§ **PROVIDED RECORDS**:
Start of Block

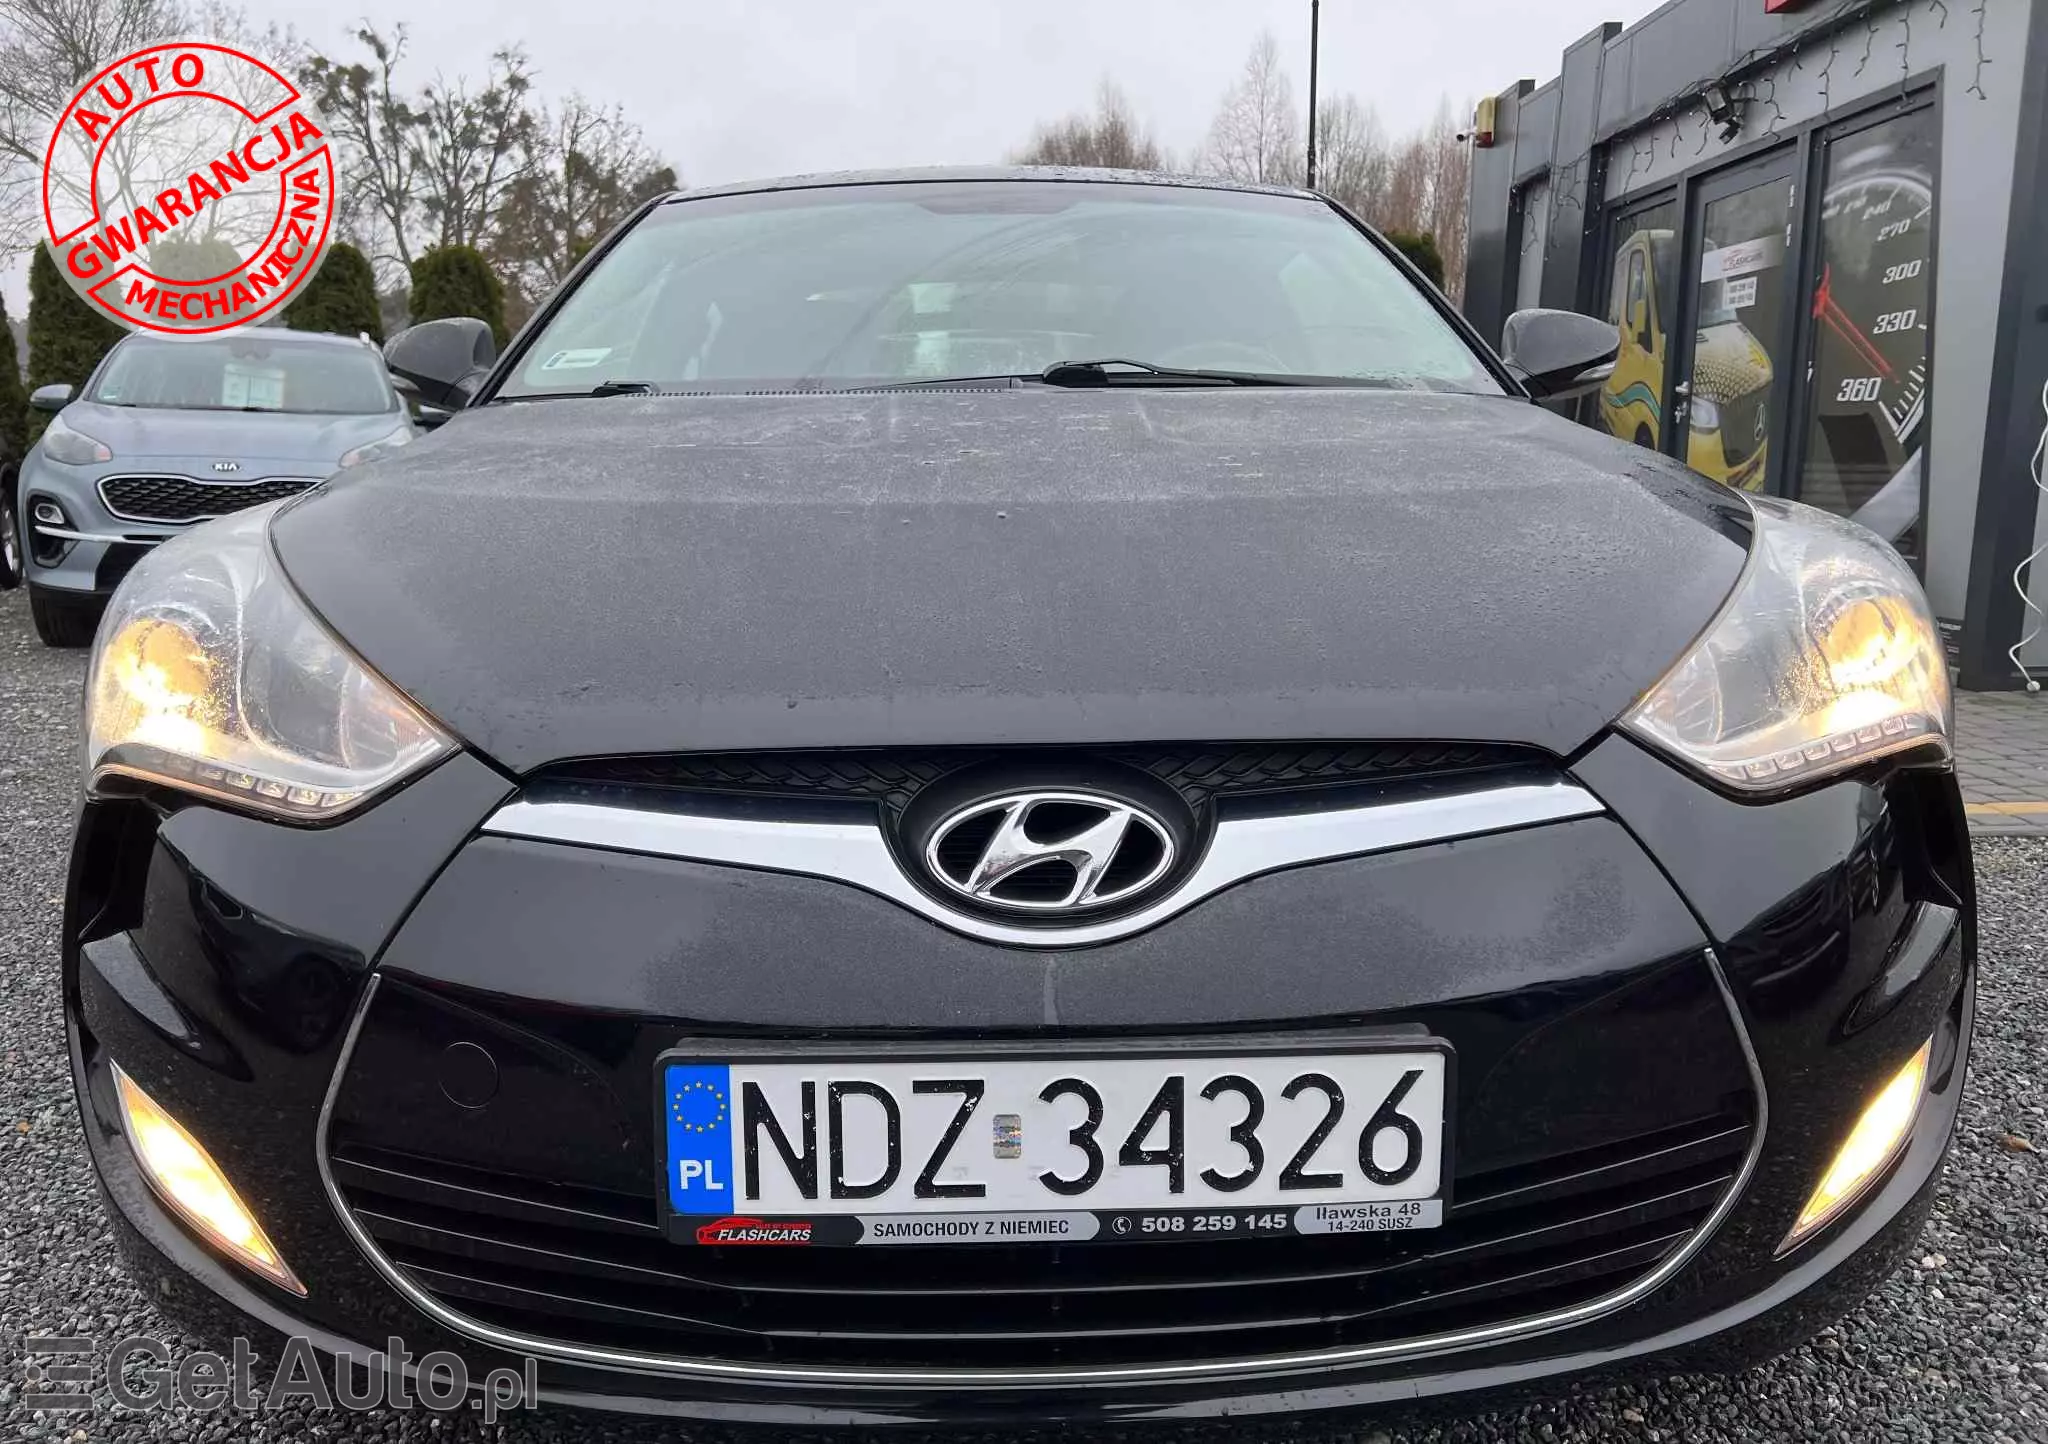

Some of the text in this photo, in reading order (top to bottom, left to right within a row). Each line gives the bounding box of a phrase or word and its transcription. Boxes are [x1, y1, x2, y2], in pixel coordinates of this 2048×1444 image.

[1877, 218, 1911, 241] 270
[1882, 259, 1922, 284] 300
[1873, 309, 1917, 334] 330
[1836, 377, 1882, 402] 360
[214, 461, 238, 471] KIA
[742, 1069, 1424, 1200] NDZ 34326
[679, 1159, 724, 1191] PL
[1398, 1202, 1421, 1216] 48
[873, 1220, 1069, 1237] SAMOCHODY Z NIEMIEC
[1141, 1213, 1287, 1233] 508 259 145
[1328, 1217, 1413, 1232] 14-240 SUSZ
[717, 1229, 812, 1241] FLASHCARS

End of Block
Start of Block

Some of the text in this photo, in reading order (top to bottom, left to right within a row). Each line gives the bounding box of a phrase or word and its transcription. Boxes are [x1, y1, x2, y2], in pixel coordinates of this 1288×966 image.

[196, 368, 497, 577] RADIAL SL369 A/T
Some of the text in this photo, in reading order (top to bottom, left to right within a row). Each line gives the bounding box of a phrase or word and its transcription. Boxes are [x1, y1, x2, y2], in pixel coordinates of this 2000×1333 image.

End of Block

§ **WHAT YOU WILL DO**: Could you set down, exactly as written, the lines above between the one holding "this 1288×966 image." and the one holding "this 2000×1333 image.", inclusive, and nothing more?

§ **PROBLEM SOLUTION**:
Some of the text in this photo, in reading order (top to bottom, left to right within a row). Each line gives the bounding box of a phrase or word and its transcription. Boxes are [x1, y1, x2, y2], in pixel coordinates of this 1288×966 image.

[196, 368, 497, 577] RADIAL SL369 A/T
Some of the text in this photo, in reading order (top to bottom, left to right within a row). Each line gives the bounding box of a phrase or word and its transcription. Boxes are [x1, y1, x2, y2], in pixel coordinates of this 2000×1333 image.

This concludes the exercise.